Валера был высоким и худющим. Хотя толстых в то время Сусанна что-то не припомнит. Когда он приходил, они с мамой сразу же шли на кухню, и вскоре оттуда слышался её смех – громкий и хрипловатый, вырывающийся из прокуренного горла. Валера смеялся куда тише, даже не басом, а, пожалуй, баритоном, а потом они приходили в комнату, и мама иногда доставала из-под кровати разбавленный спирт, и по комнате разливался тошнотворный запах больницы… Хотя пили они не так уж часто: спирт был на вес золота, как и всё, что пилось или елось. Иногда Валера учил Сусанну счёту: доставал старые газеты и писал цифры на полях: 3+2 или 4+7. Сусанна старалась угадывать правильные ответы, но часто ошибалась, а мама ругалась за то, что они берут газеты, которые она приготовила на растопку.
Сусанна опять выбирается в настоящее и подходит к окну. Уже почти стемнело. Видны проспект, обрамлённый рыжими фонарями, и трамвайная линия посередине. По обеим сторонам – медленно ползущие потоки машин. Сусанна снова ныряет, но не так глубоко. Она помнит, какими пустынными были все окрестные улицы, когда она впервые приехала сюда в кабине фургона. Следом, на такси, дочь Лена и внучка Таня. Тогда была зима – кажется, самый её конец, но морозы стояли, как на kaste[3]. Солнечный день. Цвета: жёлтый, белый и голубой. Смёрзшийся песок под хрупким снегом. Стена последнего дома, а дальше – поле, изрытое бульдозерами. Трубы, арматура.
«Комендань», – произнесла Сусанна, подставив лицо навстречу резкому порыву ветра, вспомнив, что когда-то так, кажется, говорила мама.
Аэродром, откуда Валера приносил тушёнку, находился вон там, в той стороне, куда сейчас направляется трамвай. В войну Сусанна была уверена, что это самый край земли, за которым нет ничего, кроме бесконечных снегов и горящего леса, зажжённого сброшенными бомбами.
«Озеро Долгое, – сказали в жилконторе перед расселением их коммуналки в двух шагах от Литейного. – Район новый, лес рядом…»
Только потом она поняла, что попала на Комендань, где ещё сохранялись дышащие лесными болотами финские названия: Питкяярви, оно же озеро Долгое, Коломяки, Лахта… А если вот прямо сейчас повернуться назад, то там, за Юнтоловским лесом, можно разглядеть и другие: Валкесаари, Оллила, Куоккала, Терийоки, Каннельярви.
«Terijoki» – это название попадалось на одной бумаг.
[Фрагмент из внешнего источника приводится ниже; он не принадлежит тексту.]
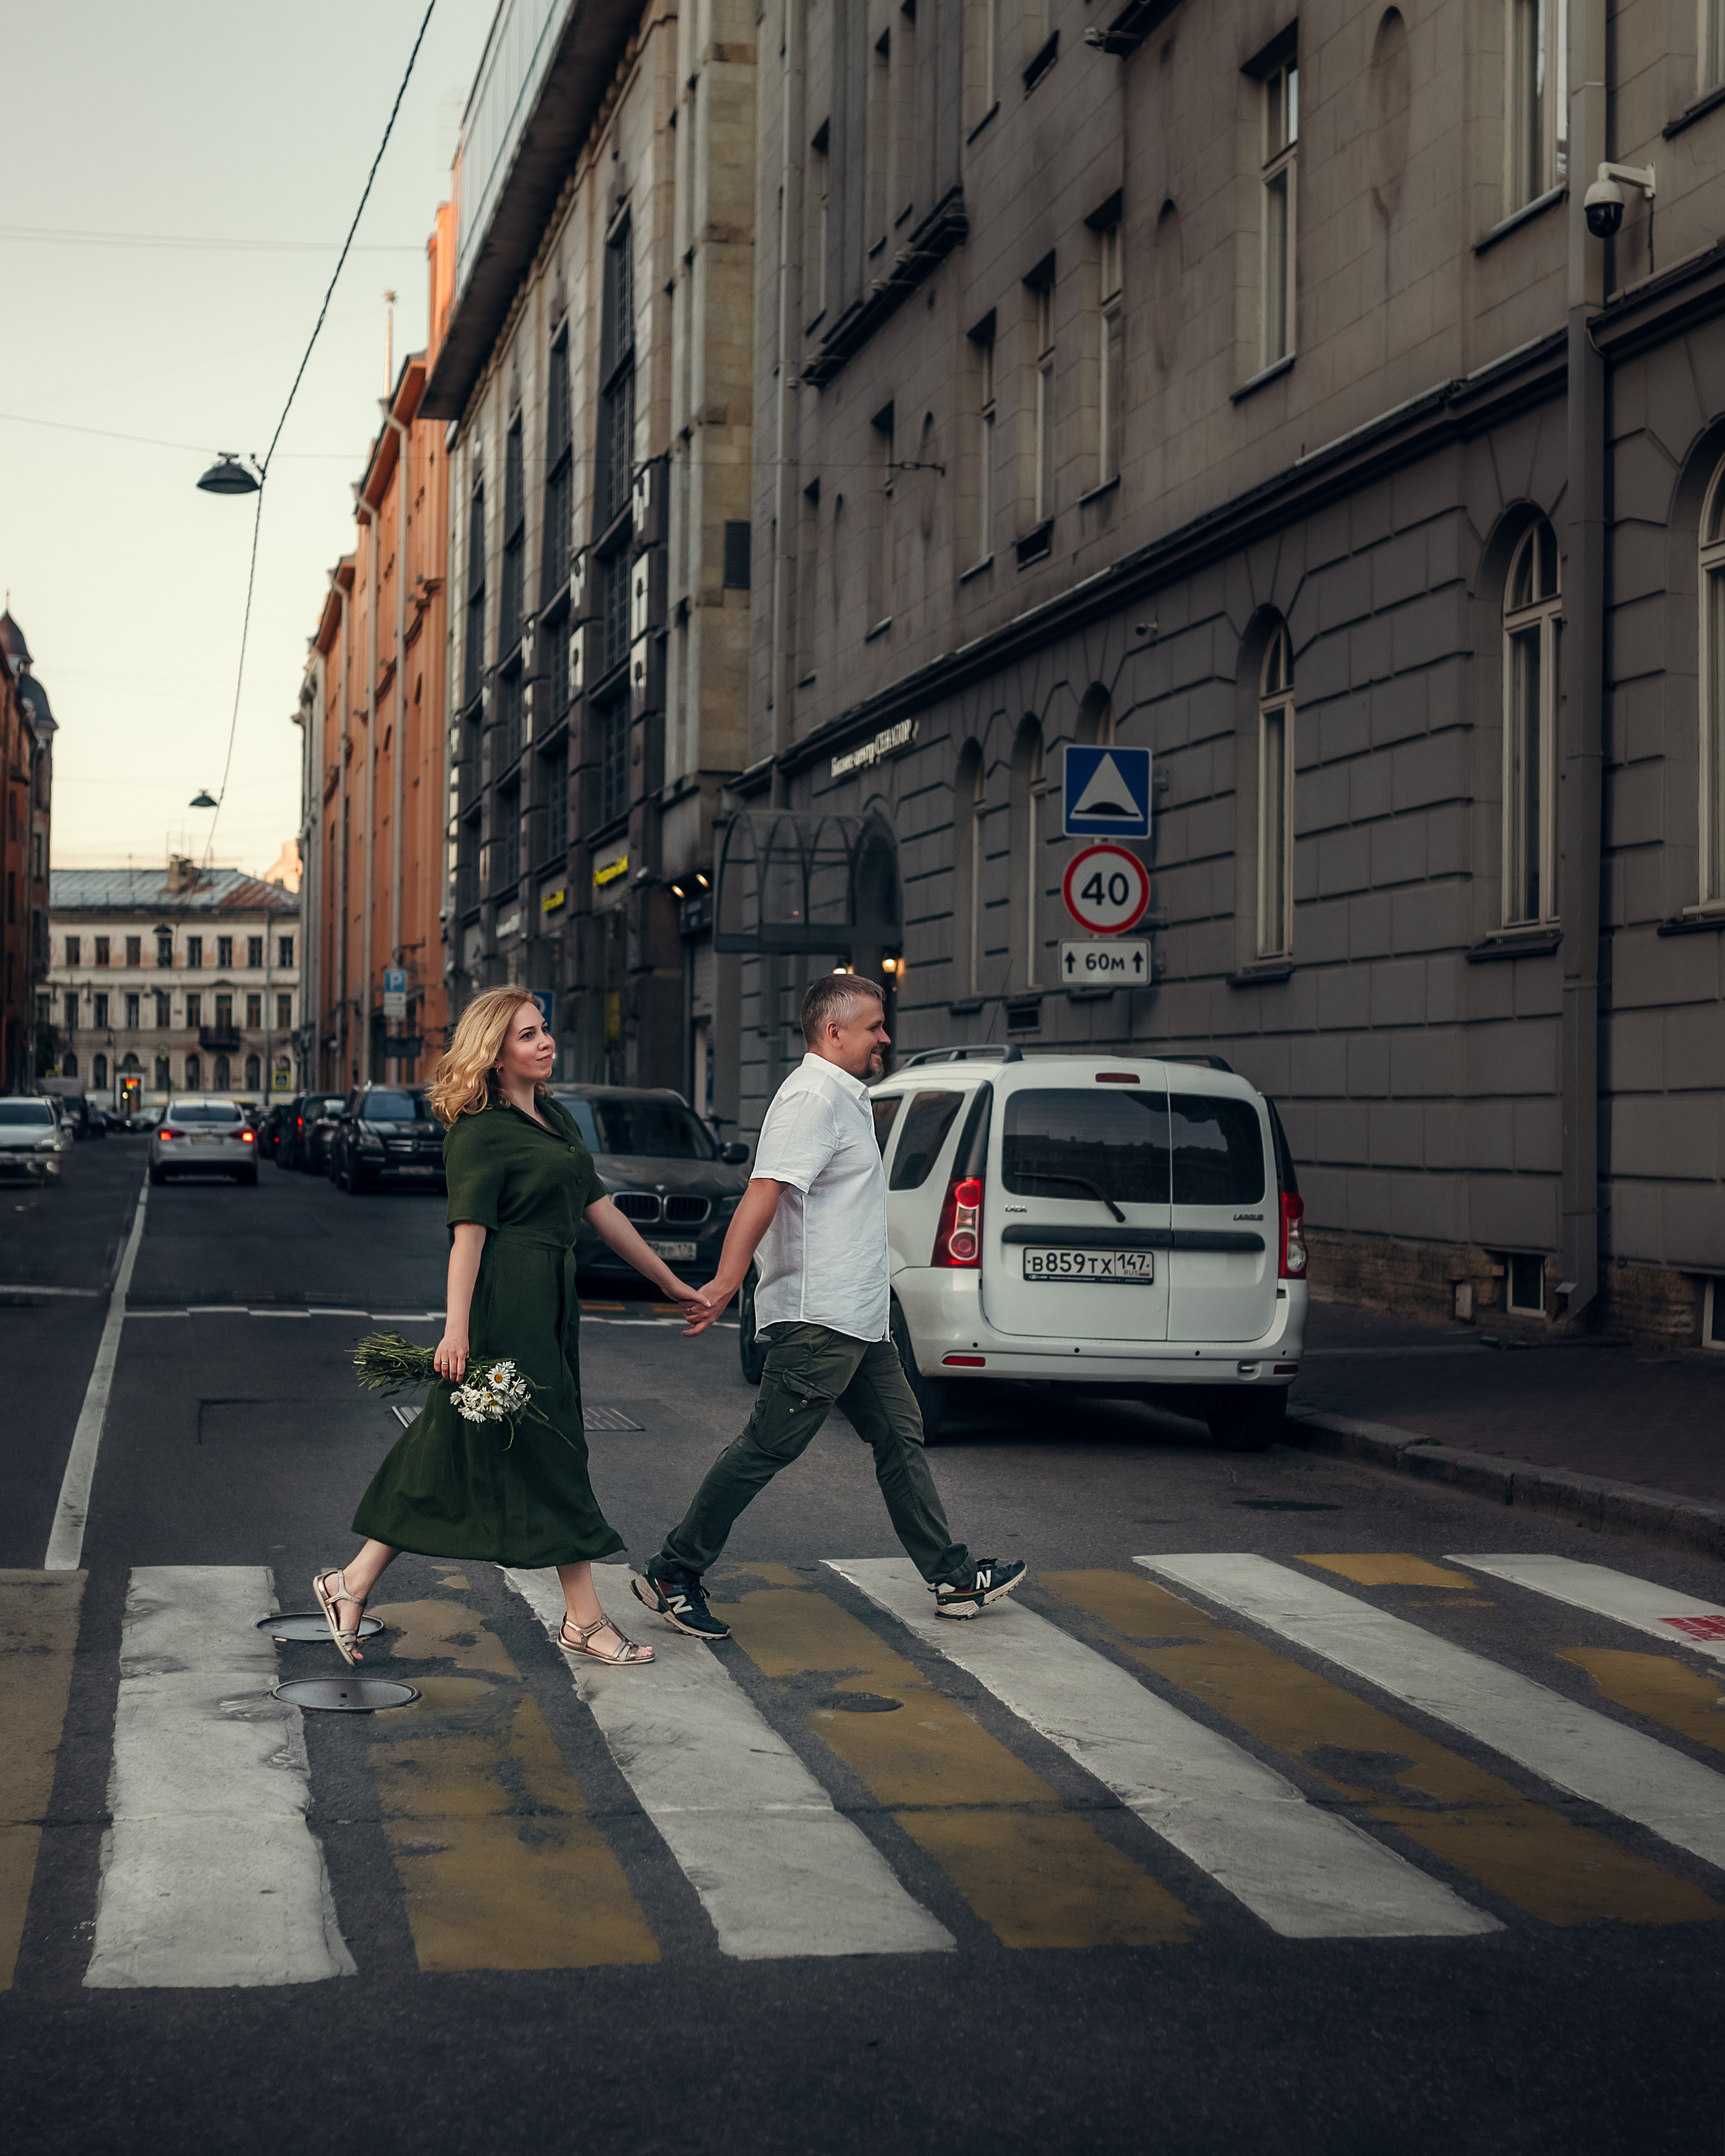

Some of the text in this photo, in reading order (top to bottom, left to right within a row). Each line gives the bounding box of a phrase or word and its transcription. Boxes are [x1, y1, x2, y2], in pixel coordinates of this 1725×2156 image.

Сусанна опускается на колени и лезет в одну папку, затем в другую… Вот тут какие-то конверты, и вот тот самый, с надписью «Terijoki». И ещё адрес – тем же крупным почерком Катри. Внутри конверта – письмо, буквы почти совсем выцвели, но кое-что разобрать ещё можно.
«Лина, Дорогая моя! (…) Мы пока ещё Живы – и я, и Сусанна, – но ходить всё труднее (…) Наша соседка Женечка недавно родила мальчика – здоровенький, хоть и маленький. Витька. Я уже и забыла, что это такое, когда рождаются дети (…) Хорошо, что сейчас лето. Не нужно топить. Я в квартире сожгла всё, что только можно (…) сажать картошку. Под огороды распахали клумбы и скверы. Так что теперь у нас, считай, как у тёти Пихлы в Ино. Теперь я жду осени, как никогда: может, снова поем картошки…»
Следующая страница почему-то наполовину порвана и немного помята. Как будто Катри хотела уничтожить письмо, но потом передумала. Сусанна вчитывается в почти исчезнувшие буквы, но разбирает только отдельные слова. Более-менее разборчив самый последний абзац.
«…до вас всего каких-то 50 км, а вы – другая страна. Я всегда это понимала, но ещё раз осознаю только сейчас. Не могу поверить: были времена, когда прямо отсюда, почти от моего нынешнего дома (подумаешь – Неву переехать!), в Ино ходил поезд и тётя Пихла выходила встречать на станцию. Если я останусь в живых, то после войны найду способ приехать в Ино – хоть на денёк, хоть на часок. Лина, дорогая моя! (…) меня здесь называют фашисткой и финской шлюхой (…) я сделаю всё, чтобы увидеть вас после войны!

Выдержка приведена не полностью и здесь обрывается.